Behavioral and Environmental Modifications
- Structured Time Management: Limiting social media and news consumption to specific, set times during the day can help establish boundaries. Using alarms to signal the end of a session can provide a concrete cue to disengage.
- Notification Control: Reducing the number of notifications from news and social media apps decreases the external triggers that can initiate an unplanned scrolling session.
- Curated Information Diet: Actively limiting the number of online sources consulted and unfollowing accounts that consistently induce stress or anxiety can help create a more manageable information environment.
- Mindful Awareness: When an individual notices they have logged on without conscious intent, making a mental note without self-judgment can increase awareness of the habit.
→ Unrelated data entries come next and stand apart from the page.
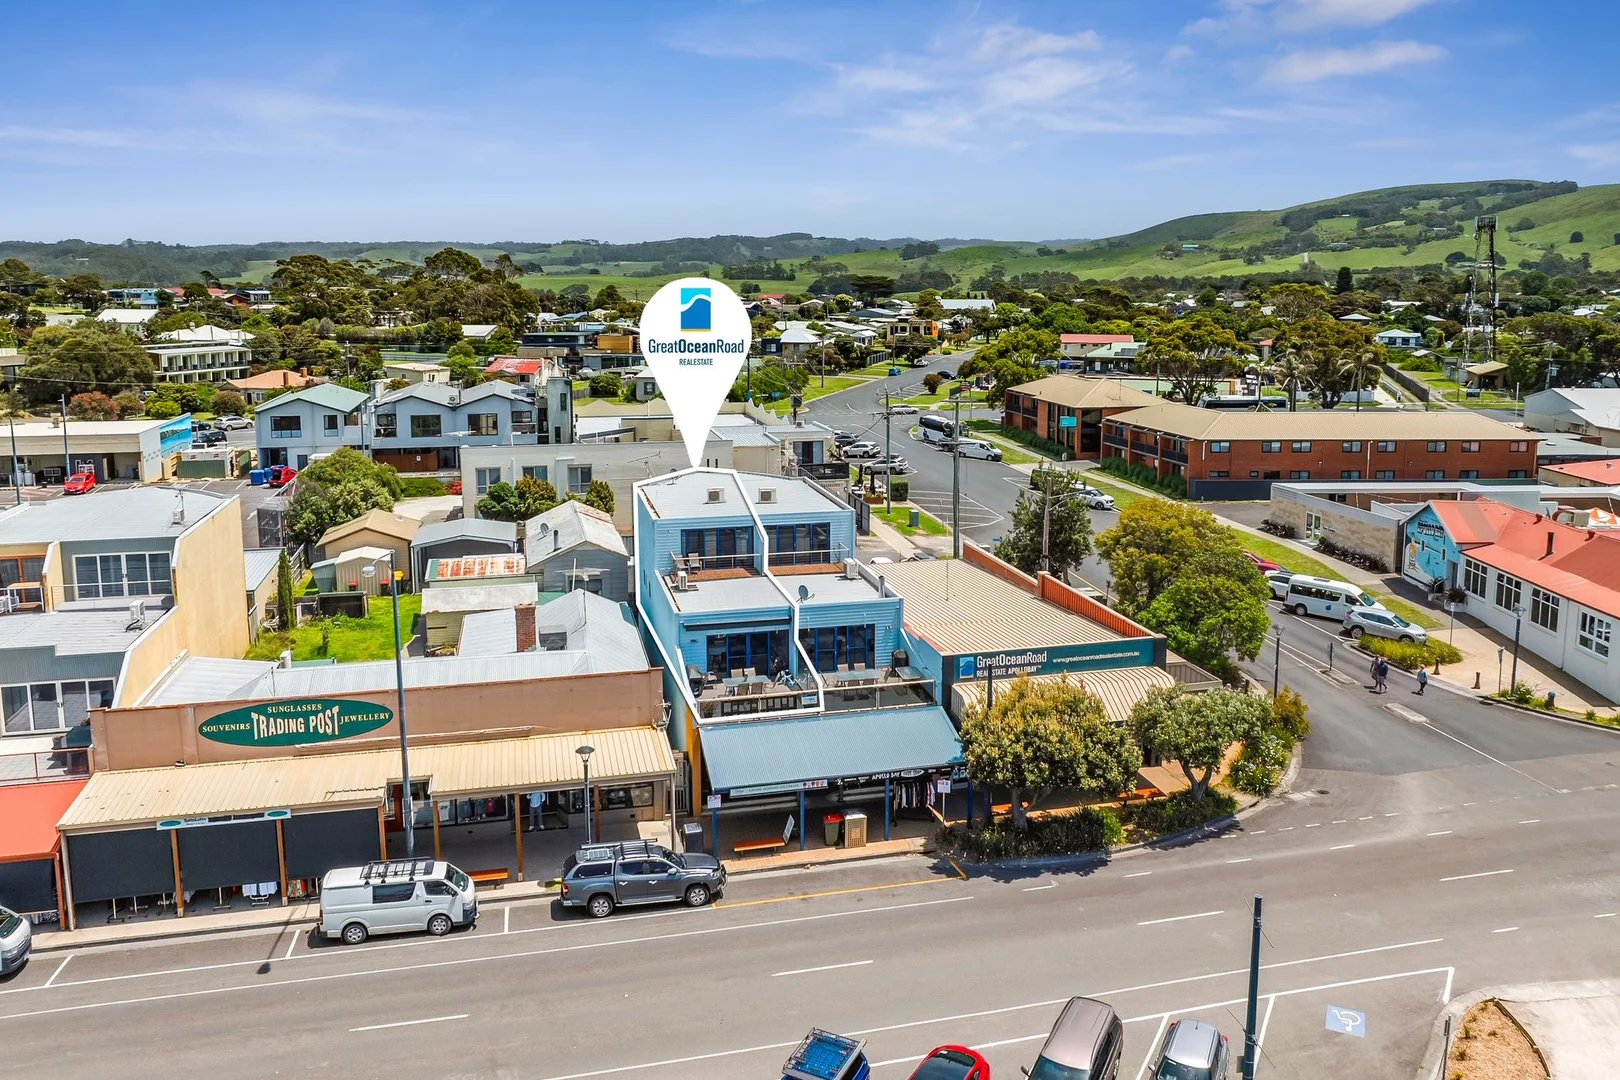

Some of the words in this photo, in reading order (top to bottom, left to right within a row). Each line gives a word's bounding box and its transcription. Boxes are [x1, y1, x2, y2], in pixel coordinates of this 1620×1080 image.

[267, 703, 322, 713] SUNGLASSES
[251, 711, 305, 740] TRADING
[309, 705, 341, 736] POST
[339, 712, 390, 725] JEWELLERY
[202, 723, 251, 733] SOUVENIRS
Over time, this mindfulness can reduce its mindless nature.
- Emotional Check-Ins: When doomscrolling is detected, pausing to notice one's emotional state (e.g., sadness, stress, agitation) can serve as a cue to take a break and disconnect from the digital environment.
- Sleep Hygiene: Powering down devices at least two hours before bedtime and keeping them out of the bedroom can prevent late-night doomscrolling and protect sleep quality, which is crucial for emotional regulation.
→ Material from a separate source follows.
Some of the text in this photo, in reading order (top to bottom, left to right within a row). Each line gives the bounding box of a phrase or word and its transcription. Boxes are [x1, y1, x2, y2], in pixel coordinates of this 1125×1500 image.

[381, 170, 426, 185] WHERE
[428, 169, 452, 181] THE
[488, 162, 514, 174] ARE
Cognitive and Mindfulness Techniques
- Cognitive Restructuring: When encountering posts that trigger catastrophic thinking, individuals can practice asking themselves about more realistic and less disastrous potential outcomes. This technique, a core component of Cognitive Behavioral Therapy (CBT), helps challenge and reframe automatic negative thoughts.
- Mindfulness and Present-Moment Focus: Engaging in mindfulness meditation or consciously refocusing on the present moment can counteract the feeling of being overwhelmed by future-oriented worries. This practice helps ground the individual in their immediate reality.
- Slowing Down: Intentionally scrolling more slowly can reduce the pace of information intake, giving the mind more time to process content and preventing the rapid escalation of anxiety.
Professional Support and Further Interventions
If the habit is deeply ingrained, interferes significantly with daily life, or is linked to underlying mental health conditions, seeking professional help is recommended. A healthcare professional, such as a therapist or counselor, can provide tailored coping strategies and support. Cognitive Behavioral Therapy (CBT) is specifically noted as a treatment that may help break the compulsive cycle associated with doomscrolling. For individuals experiencing significant symptoms of anxiety, depression, or trauma responses linked to news consumption, trauma-informed care and other evidence-based psychological interventions may be necessary. In cases where self-management strategies are insufficient, a temporary break from technology, with support from loved ones to manage concerns about missing important updates, may be advised.
Conclusion
Doomscrolling represents a modern behavioral challenge with clear psychological underpinnings and significant impacts on mental health. The content consumed—ranging from pandemic updates to political conflicts—acts as a catalyst for anxiety, existential dread, and emotional distress. The habit is often fueled by a desire for control or emotional relief but typically results in the opposite. Breaking the cycle requires conscious effort through behavioral strategies like time limits and notification management, cognitive techniques such as mindfulness and reframing, and, when needed, professional therapeutic support, particularly CBT. Recognizing the signs and understanding the drivers are the first steps toward reclaiming digital habits and protecting psychological well-being in an information-saturated world.